ACTIVITY >> Reproduce the lines below verbatim. Pictures are to be omitted.
=== SOURCE MATERIAL ===
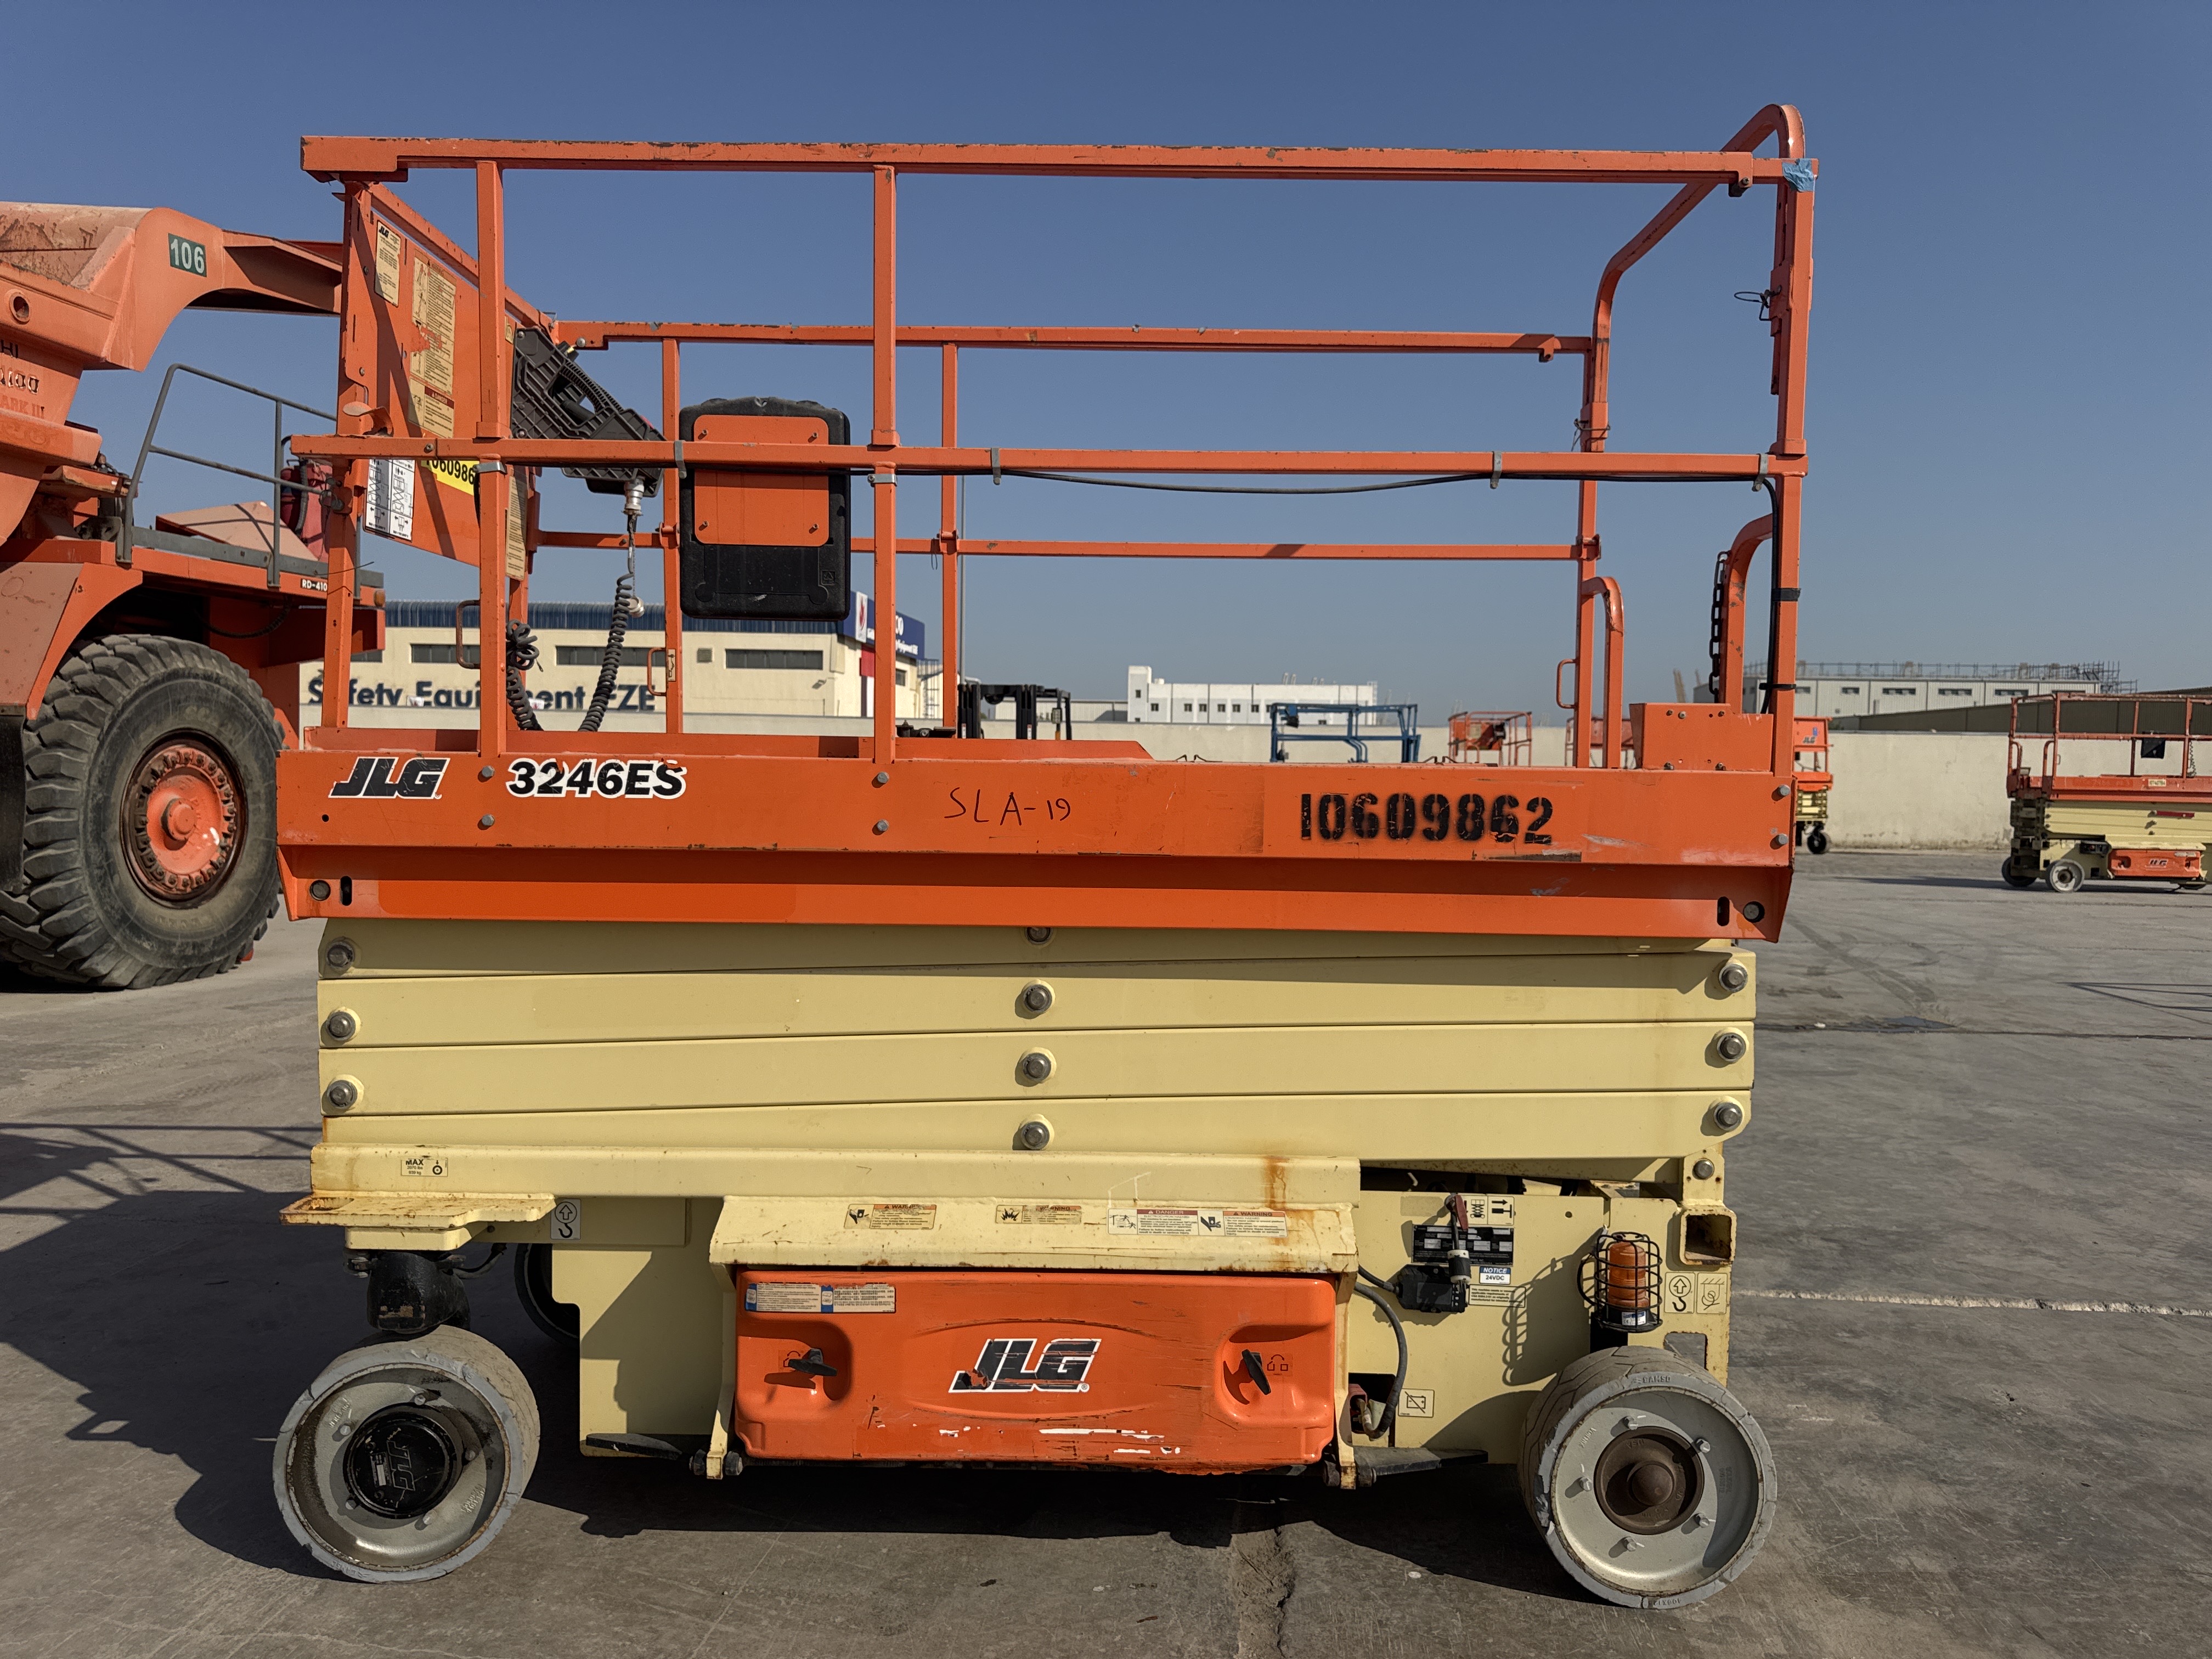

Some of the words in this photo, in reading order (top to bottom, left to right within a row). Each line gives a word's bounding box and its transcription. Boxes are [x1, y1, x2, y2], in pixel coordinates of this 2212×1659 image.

[171, 239, 205, 273] 106
[308, 678, 403, 707] Sfety
[328, 757, 450, 799] JLG
[506, 758, 687, 799] 3246ES
[1301, 793, 1554, 844] 10609862
[949, 1338, 1101, 1393] JLG
[387, 1440, 415, 1491] JLG
===
YOUR SOLUTION >>
Some of the words in this photo, in reading order (top to bottom, left to right within a row). Each line gives a word's bounding box and its transcription. Boxes are [x1, y1, x2, y2], in pixel coordinates of this 2212×1659 image.

[171, 239, 205, 273] 106
[308, 678, 403, 707] Sfety
[328, 757, 450, 799] JLG
[506, 758, 687, 799] 3246ES
[1301, 793, 1554, 844] 10609862
[949, 1338, 1101, 1393] JLG
[387, 1440, 415, 1491] JLG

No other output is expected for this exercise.